Mr Wallace said: “One in five of our teenage students experienced cyberbullying in the past 12 months. Another 17% were exposed to inappropriate content. As the recent tragic case of Amy Everrett has shown, the consequences for the development and mental health of our young people can be catastrophic.”
“I have been working closely with the Prime Minister and the eSafety Commissioner to explore what we can do with the major social media companies to improve mental health outcomes for young people. I wanted to bring some of this work to our local community, and make sure that Sunshine Coast people are as informed and protected as possible.” He said.
Attendees heard about the activities and the platforms that are trending among young people in 2018, including live streaming, ‘story’ functions and deletable media. Attendees learnt about the interactive chat functions imbedded in popular platforms like xbox or Musical.ly, which parents are often not aware give their children the ability to chat unsupervised to adults and children all over the world.
Survey evidence from the eSafety Commissioner suggests that of the 55,400 school age children on the Sunshine Coast 6,300 have suffered from cyberbullying in the past 12 months, while a further 6,400 have been exposed to inappropriate content.
Australia’s eSafety Commissioner Julie Inman Grant said “There are a range of benefits to the internet and a range of harms. What we want parents and grandparents on the Sunshine Coast to understand is what are the risks, how do they mitigate those and how do they maximise the benefits. Parents and grandparents are the front line of defence. There are resources available for parents, young people and teachers at www.esafety.gov.au, but ultimately if we want to make a difference this needs to be part of the everyday curriculum. From when we first give children access to the online world, we need to start talking to them about the digital dos and don’ts, rights and responsibilities and how they develop the resilience and critical thinking skills they need to be good digital citizens.”
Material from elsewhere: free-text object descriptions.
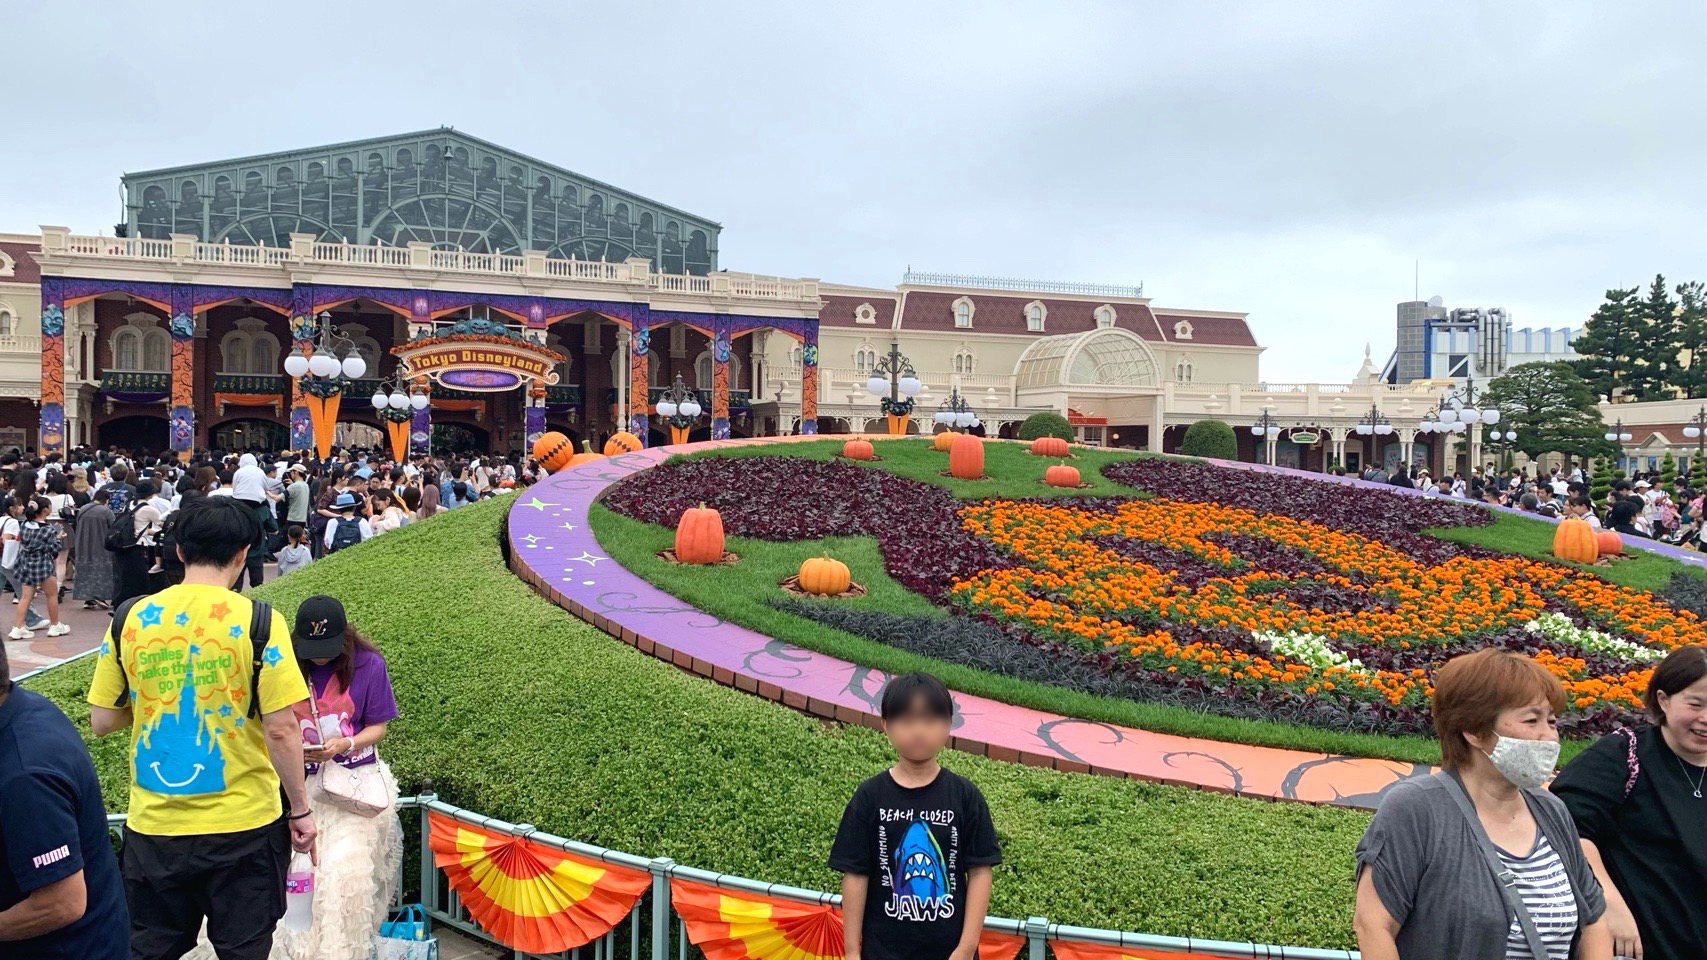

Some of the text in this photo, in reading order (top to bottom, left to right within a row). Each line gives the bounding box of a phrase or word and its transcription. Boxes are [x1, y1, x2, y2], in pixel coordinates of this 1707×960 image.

[413, 351, 543, 373] Tokyo Disneyland
[139, 648, 184, 665] Smiles
[196, 655, 232, 671] world
[158, 680, 174, 694] go
[879, 808, 955, 824] BEACH CLOSED
[950, 826, 958, 847] AMITY
[32, 844, 70, 869] PUMA
[879, 825, 890, 887] NO SWIMMING
[948, 848, 958, 870] POLICE
[884, 893, 955, 922] JAWS
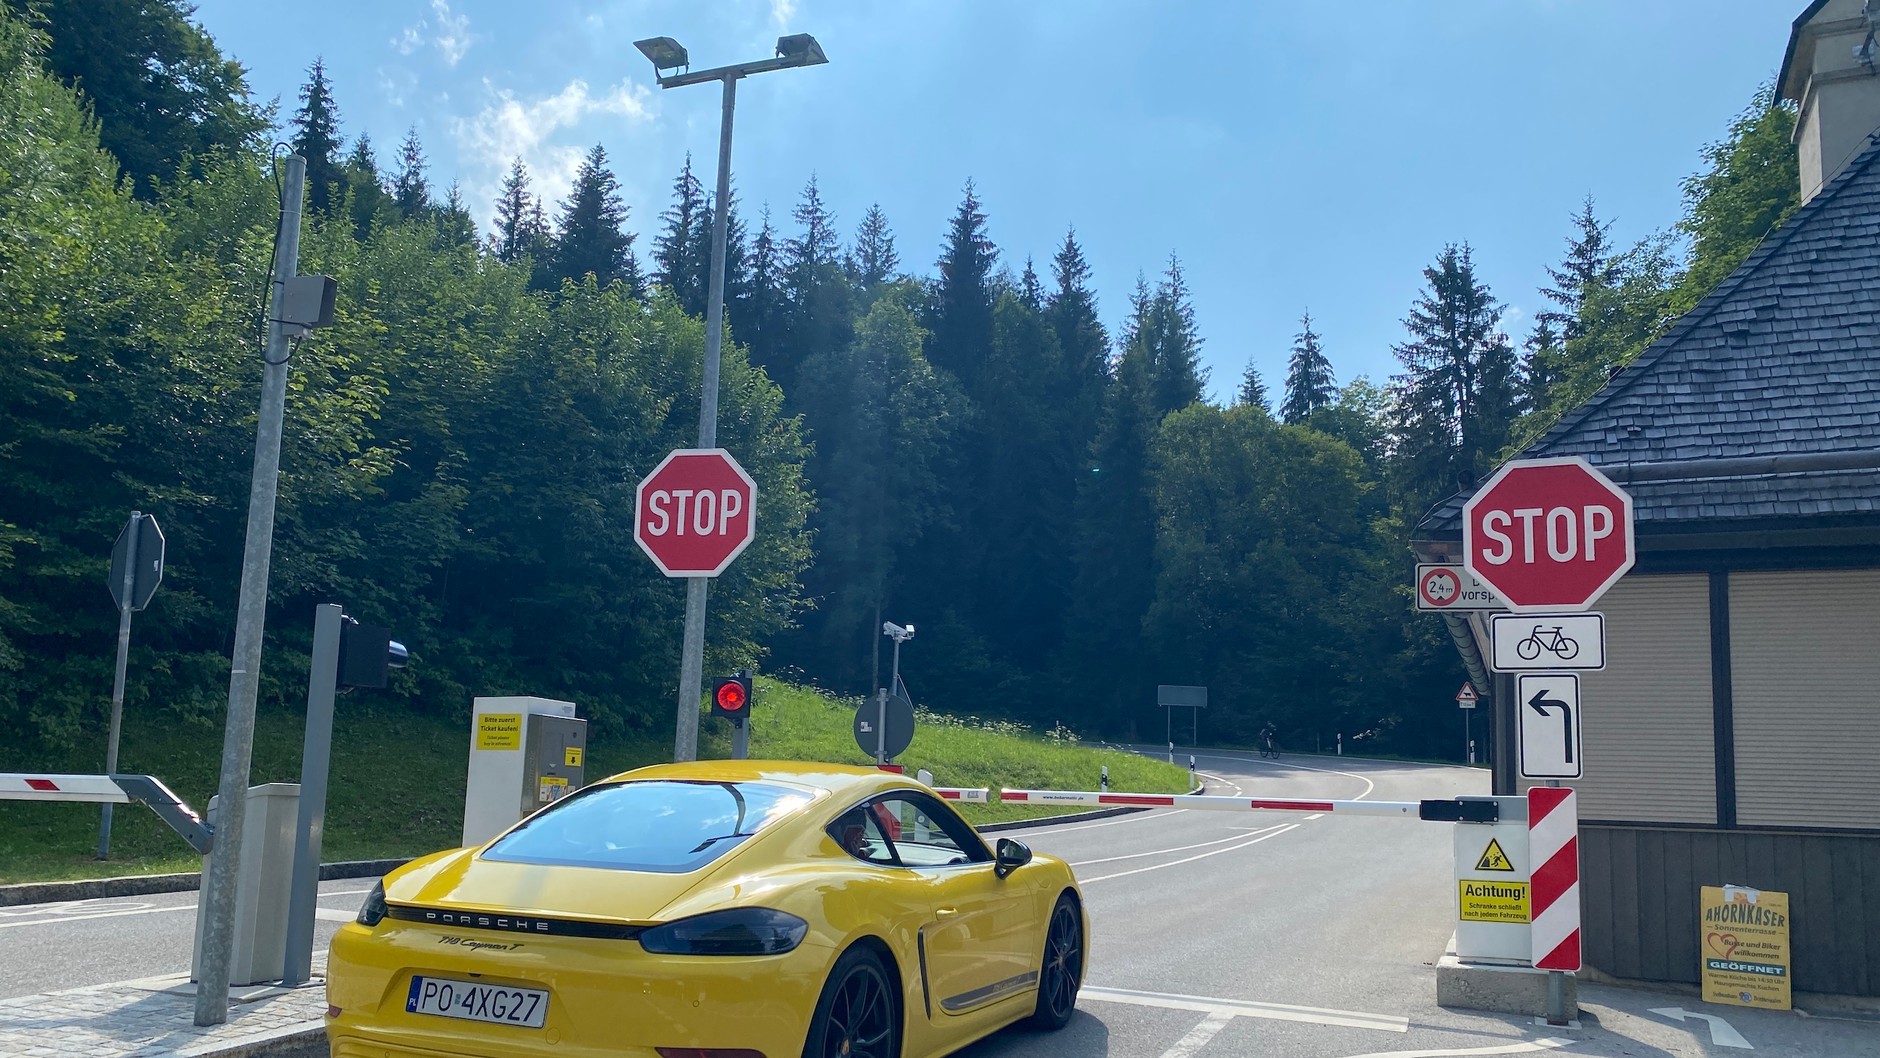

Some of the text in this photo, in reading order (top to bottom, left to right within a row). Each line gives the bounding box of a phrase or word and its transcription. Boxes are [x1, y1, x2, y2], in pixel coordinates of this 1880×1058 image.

[647, 489, 742, 536] STOP
[1482, 505, 1614, 565] STOP
[1462, 591, 1498, 603] vorsp
[1465, 884, 1526, 901] Achtung!
[1469, 902, 1498, 910] Schranke
[426, 912, 549, 931] PORSCHE
[1499, 912, 1527, 920] Fahrzeug
[1705, 903, 1786, 928] AHORNKASER
[1714, 924, 1777, 935] Sonnenterrasse
[438, 936, 525, 951] 718 Cayman T
[1745, 940, 1761, 948] und
[1761, 942, 1782, 950] Biker
[1734, 949, 1780, 960] willkommen
[1709, 961, 1783, 975] GEÖFFNET
[408, 998, 417, 1007] PL
[422, 982, 541, 1022] PO 4XG27
Parents and grandparents at the Forum learnt about the importance of creating a technology checklist when introducing new technology into the home to help to understand and mitigate the safety risks for the whole family. Protective behaviours and strategies for children were addressed, such as encouraging communication, building resilience and empathy with others and closely monitoring use. Finally the cyberbullying and abuse reporting process was explained, including the powerful role the eSafety Commissioner can have.
Kawana Waters State College Principal Colin Allen-Waters said “The most important challenge that is facing our whole community is the safety of our children. A normal part of growing-up in a modern world, is our young people connecting with others on-line. At Kawana Waters State College we believe that it is critical that our students stay safe at all times. We have a strong focus on e-safety and actively teach all of our students from Prep to year 12, how to recognize what they need to do to protect themselves while on-line. But this is not a challenge that is there just for the students or schools to solve. If we are to keep our kids safe, our whole community must step up to create a safe environment for our communities most valuable asset, our children.“
Mr Wallace added “I want to thank everyone who came along to last night’s event. We all need to do more to protect ourselves and our children online. Ultimately we need to change society’s attitude and learn to show respect to others online. I hope that last night made a contribution to making that a reality on the Sunshine Coast.”